Empat orang bertubuh besar maju. Masing-masing memegang kedua tangan dan kaki Adinullah. Setelah memastikan tubuh Adinullah sudah bisa dikuasai keempat orang itu, Tuan Guru Alamsyah Hasbi menoleh ke arah orang-orang yang sedang berkerumun.
"Yang lain silahkan lanjutkan pekerjaannya. kata Tuan Guru Alamsyah Hasbi. Pak Makripudin memberi komando agar keluar.
Tuan Guru Alamsyah Hasbi lalu meminta botol air kemasan yang dipegang oleh Johani dan memercikkannya ke sekujur tubuh Adinullah. Perlahan tubuh Adinullah yang mengamuk mulai melemah. Begitu juga dengan tatapan tajam matanya. Dan kini Adinullah seperti orang yang tak punya tenaga. Ia lemas dengan nafas cepat.
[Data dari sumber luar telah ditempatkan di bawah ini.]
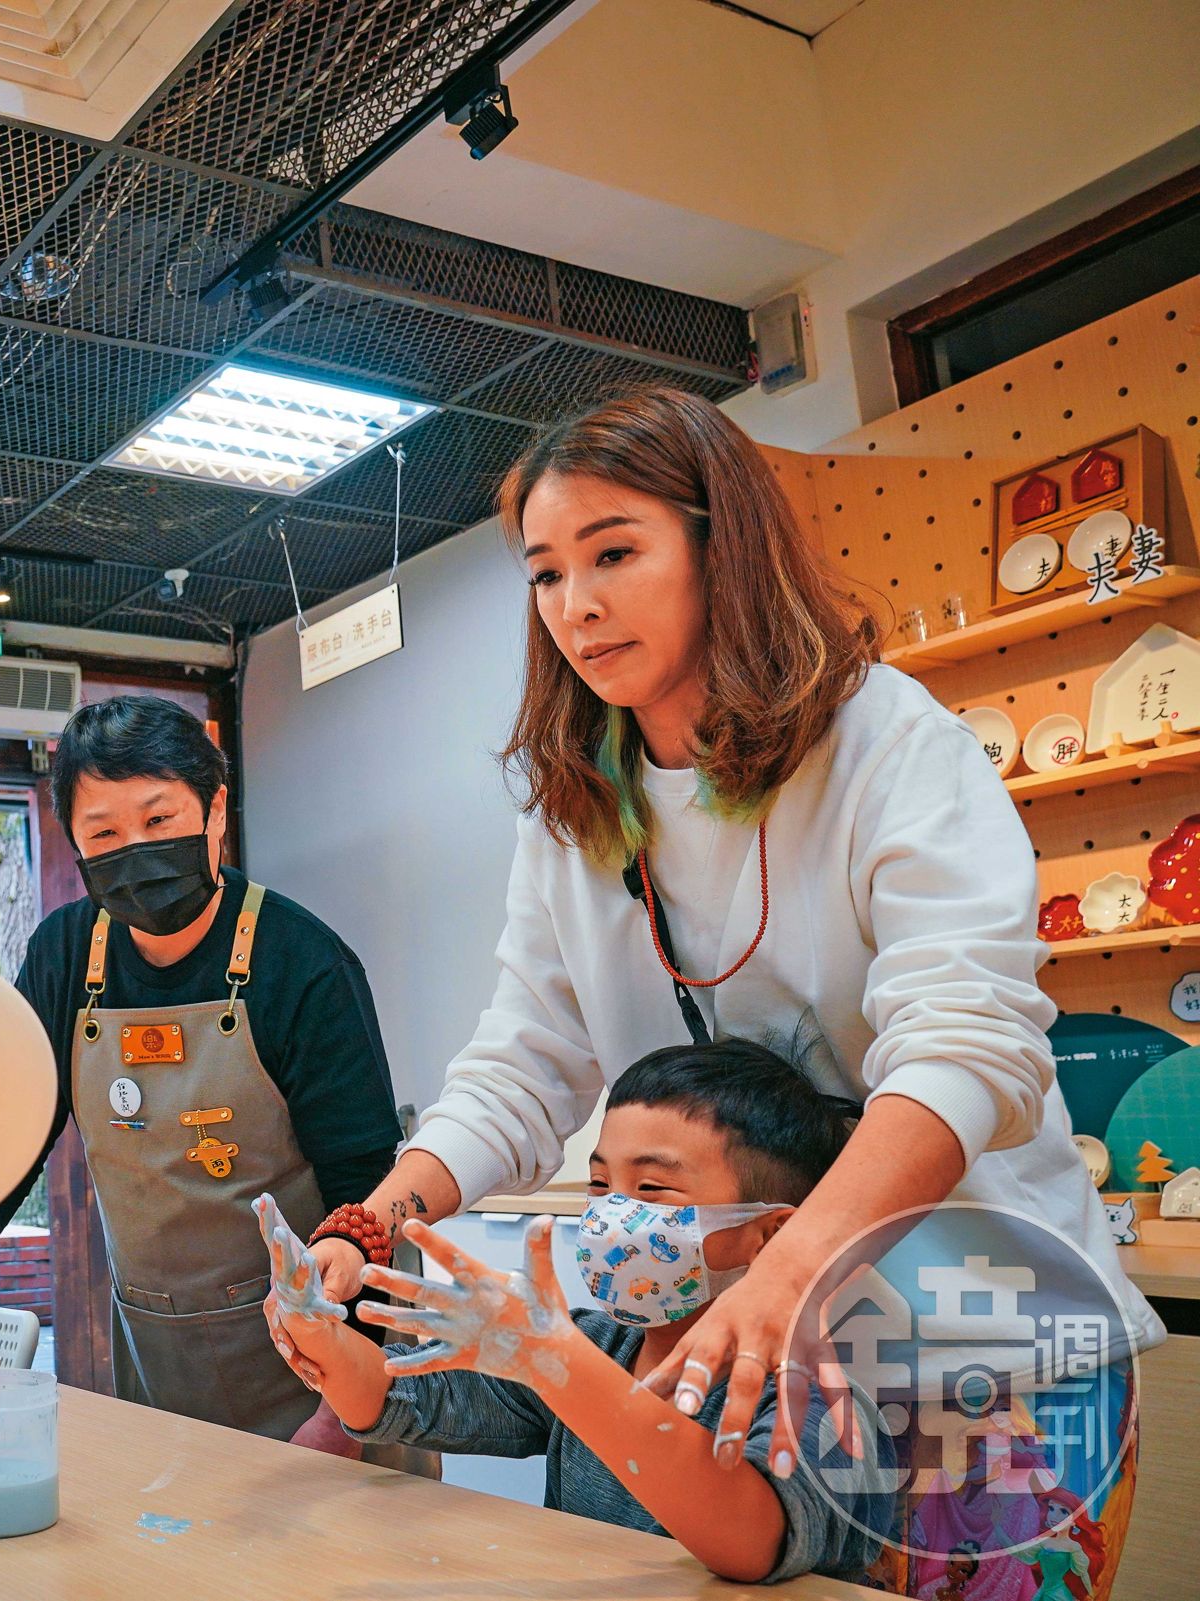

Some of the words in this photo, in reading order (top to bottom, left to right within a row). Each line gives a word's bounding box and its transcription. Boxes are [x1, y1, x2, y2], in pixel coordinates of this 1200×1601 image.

[353, 609, 392, 641] 洗手台
[1056, 742, 1077, 759] 胖
Tuan Guru Alamsyah Hasbi lalu duduk di depan kedua kaki Adinullah. Ia lalu memegang jari kelingking kaki kiri Adinullah dan memencetnya. Dari pelan dan tekanan dua jari tangan Tuan Guru Alamsyah Hasbi di jari kelingking Adinullah semakin keras. Tapi tak ada reaksi dari tubuh Adinullah. Dia tidak melakukan perlawanan sama sekali. Tuan Guru Alamsyah Hasbi menatap mata Adinullah yang terpejam. Johani yang hanya berdiri terlihat semakin cemas. Tuan Guru Alamsyah Hasbi menyuruh orang-orang yang memegang tubuh Adinullah agar melepaskan pegangan mereka.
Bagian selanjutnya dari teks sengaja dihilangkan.